Alma no durmió.
Ni un segundo.
Cuando el sol apenas insinuó una raya pálida detrás de las cortinas, ella seguía sentada en el sillón, abrazándose las rodillas y escuchando cada pequeño ruido del departamento como si pudiera saltarle encima.
La pileta estaba seca ahora.
Seca.
Como si alguien la hubiera vaciado mientras ella temblaba en el pasillo.
Eso la asustó más que cualquier dedo extraño bajo el agua.
El celular vibró y ella casi grita.
Era un mensaje de Laura.
LAURA: “Amigaaa estoy vivaaa????”
Alma suspiró. Algo en su pecho se aflojó, como una cuerda demasiado tensa que por fin cedía un poquito.

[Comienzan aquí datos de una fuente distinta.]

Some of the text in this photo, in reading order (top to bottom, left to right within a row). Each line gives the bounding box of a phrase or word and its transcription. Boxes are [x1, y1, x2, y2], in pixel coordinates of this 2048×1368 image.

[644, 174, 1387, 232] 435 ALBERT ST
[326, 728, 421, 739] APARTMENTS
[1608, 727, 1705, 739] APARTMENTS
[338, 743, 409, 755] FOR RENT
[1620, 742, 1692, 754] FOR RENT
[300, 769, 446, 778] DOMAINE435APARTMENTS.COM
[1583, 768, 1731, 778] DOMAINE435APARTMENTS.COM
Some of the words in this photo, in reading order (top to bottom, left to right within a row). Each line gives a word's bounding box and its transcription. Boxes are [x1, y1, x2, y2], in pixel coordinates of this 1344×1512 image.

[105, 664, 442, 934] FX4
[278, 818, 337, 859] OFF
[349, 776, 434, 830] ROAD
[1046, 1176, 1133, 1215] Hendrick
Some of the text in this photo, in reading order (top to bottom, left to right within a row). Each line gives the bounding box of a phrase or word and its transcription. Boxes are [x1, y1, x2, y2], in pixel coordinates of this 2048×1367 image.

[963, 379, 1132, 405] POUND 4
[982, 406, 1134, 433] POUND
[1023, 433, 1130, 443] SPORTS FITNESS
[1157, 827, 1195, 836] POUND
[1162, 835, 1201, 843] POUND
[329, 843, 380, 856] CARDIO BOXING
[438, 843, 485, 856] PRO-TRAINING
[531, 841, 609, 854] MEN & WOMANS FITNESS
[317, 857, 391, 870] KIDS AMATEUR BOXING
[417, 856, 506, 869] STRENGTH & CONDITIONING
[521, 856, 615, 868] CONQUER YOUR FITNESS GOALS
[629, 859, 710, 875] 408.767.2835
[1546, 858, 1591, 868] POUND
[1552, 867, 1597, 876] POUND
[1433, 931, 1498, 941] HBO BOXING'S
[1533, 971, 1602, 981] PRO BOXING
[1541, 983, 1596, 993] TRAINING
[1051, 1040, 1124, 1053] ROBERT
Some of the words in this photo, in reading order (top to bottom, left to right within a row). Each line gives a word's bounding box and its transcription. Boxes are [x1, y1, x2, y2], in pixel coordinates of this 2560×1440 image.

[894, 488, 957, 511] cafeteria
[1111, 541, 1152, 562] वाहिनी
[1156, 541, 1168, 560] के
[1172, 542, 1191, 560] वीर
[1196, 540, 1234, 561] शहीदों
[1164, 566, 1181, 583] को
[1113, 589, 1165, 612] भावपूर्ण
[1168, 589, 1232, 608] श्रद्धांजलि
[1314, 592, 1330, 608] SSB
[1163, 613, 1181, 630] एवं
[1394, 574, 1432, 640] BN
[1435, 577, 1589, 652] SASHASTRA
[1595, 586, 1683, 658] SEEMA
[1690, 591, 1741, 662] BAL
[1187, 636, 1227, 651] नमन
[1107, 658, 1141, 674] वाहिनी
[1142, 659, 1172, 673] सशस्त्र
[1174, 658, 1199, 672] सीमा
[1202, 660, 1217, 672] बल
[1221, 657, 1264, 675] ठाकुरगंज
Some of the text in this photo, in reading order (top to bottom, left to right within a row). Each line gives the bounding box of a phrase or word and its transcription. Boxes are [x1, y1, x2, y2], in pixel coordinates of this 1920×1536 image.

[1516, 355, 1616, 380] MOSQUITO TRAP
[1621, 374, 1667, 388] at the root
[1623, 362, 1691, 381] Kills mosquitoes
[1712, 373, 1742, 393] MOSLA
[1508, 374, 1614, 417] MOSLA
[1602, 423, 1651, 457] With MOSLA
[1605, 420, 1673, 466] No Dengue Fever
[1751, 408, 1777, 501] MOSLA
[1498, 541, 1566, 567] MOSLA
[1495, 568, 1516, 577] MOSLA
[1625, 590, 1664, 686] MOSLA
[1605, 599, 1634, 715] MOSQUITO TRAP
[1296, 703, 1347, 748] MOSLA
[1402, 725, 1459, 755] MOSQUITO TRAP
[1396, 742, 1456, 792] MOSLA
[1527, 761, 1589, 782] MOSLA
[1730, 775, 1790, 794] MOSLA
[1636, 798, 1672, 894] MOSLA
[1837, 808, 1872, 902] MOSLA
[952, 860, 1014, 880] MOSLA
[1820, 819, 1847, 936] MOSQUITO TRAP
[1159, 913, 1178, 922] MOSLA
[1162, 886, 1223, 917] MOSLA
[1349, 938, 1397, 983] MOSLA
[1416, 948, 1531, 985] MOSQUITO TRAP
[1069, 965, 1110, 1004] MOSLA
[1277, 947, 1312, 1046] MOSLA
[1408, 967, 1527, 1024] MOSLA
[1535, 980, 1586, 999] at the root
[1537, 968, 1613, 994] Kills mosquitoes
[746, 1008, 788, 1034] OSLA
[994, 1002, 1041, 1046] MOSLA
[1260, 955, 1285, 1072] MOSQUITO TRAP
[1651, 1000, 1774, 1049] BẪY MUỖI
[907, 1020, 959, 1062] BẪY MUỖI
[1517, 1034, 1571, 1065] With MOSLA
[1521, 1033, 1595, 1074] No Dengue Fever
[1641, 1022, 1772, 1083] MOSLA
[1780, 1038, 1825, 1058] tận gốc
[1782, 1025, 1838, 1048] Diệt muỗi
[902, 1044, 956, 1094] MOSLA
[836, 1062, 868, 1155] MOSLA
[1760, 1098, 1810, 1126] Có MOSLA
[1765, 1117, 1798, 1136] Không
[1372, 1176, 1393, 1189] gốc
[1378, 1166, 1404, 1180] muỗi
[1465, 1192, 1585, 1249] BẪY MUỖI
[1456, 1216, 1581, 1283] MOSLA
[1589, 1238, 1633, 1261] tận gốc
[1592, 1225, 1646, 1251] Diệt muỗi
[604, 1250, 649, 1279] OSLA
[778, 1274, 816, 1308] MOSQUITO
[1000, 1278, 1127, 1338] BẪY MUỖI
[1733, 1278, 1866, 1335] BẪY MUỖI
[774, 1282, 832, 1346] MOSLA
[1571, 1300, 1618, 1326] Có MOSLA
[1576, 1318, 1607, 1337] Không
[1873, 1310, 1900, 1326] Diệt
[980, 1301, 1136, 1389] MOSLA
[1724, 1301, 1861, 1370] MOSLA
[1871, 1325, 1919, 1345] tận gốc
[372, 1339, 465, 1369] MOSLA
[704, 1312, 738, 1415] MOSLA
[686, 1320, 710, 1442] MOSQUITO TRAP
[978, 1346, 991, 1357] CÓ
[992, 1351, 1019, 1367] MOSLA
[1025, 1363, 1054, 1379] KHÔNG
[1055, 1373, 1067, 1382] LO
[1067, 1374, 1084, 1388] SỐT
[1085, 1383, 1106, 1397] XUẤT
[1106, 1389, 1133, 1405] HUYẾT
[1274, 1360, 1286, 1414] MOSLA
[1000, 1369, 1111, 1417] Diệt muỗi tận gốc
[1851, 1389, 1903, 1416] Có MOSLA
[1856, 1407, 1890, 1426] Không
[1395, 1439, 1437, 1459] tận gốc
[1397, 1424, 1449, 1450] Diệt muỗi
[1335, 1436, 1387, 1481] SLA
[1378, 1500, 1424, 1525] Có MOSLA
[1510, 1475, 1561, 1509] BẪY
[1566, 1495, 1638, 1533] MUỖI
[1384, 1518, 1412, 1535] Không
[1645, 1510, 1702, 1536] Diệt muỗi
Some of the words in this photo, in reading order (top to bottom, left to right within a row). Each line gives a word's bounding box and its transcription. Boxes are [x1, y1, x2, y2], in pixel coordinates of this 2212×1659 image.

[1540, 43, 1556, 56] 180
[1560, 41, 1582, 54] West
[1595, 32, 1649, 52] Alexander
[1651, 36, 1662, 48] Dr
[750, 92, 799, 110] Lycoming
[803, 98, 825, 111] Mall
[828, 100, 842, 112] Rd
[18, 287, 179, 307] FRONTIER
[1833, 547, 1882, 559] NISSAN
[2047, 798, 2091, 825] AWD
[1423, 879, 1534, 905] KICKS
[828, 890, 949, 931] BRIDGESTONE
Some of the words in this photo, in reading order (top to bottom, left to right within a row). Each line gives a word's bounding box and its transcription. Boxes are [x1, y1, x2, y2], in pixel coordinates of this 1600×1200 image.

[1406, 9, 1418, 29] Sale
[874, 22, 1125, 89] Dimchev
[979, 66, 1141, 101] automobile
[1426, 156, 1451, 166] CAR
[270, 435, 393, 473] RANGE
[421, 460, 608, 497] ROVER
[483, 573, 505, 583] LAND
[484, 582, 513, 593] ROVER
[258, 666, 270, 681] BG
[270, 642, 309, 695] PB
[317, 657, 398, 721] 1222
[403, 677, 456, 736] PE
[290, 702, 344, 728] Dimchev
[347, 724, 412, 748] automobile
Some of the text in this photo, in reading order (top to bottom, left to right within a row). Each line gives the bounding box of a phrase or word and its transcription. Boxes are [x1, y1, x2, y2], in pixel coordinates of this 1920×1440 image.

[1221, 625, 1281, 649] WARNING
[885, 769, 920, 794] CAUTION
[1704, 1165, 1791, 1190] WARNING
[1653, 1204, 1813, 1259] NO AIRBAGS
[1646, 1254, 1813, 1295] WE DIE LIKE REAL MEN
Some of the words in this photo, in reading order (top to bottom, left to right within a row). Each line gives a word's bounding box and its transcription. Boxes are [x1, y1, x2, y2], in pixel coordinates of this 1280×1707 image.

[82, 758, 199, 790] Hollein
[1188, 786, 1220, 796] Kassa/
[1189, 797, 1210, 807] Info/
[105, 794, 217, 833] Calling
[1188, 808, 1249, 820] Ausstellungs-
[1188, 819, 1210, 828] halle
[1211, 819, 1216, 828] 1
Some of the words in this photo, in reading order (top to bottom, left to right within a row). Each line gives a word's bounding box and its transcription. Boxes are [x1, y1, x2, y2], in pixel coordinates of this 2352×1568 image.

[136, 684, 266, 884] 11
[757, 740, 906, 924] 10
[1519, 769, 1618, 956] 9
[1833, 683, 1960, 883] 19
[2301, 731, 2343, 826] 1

ALMA: “Sí… creo que sí. ¿Cómo amaneciste?”
Pero Laura no respondió.
Diez minutos después, apareció un audio.
Y apenas lo reprodujo, Alma sintió que el mundo volvía a un ritmo más… humano.
—AMIGAAAAA… ¿qué tomé anoche? ¿Alcohol o veneno para ratas? Me duele el pelo, te juro. ¿Podés venir? No quiero mover mi alma del piso…
Y justo en el fondo del audio, se escuchó cómo se golpeaba con algo.
—Ay, la pucha… acabo de patear un zapato y casi me muero.
Alma no quería salir de su casa.
Pero quedarse ahí, con el eco de la pileta en la cabeza, era peor.
Así que se cambió rápido, agarró su bolso y salió sin mirar atrás.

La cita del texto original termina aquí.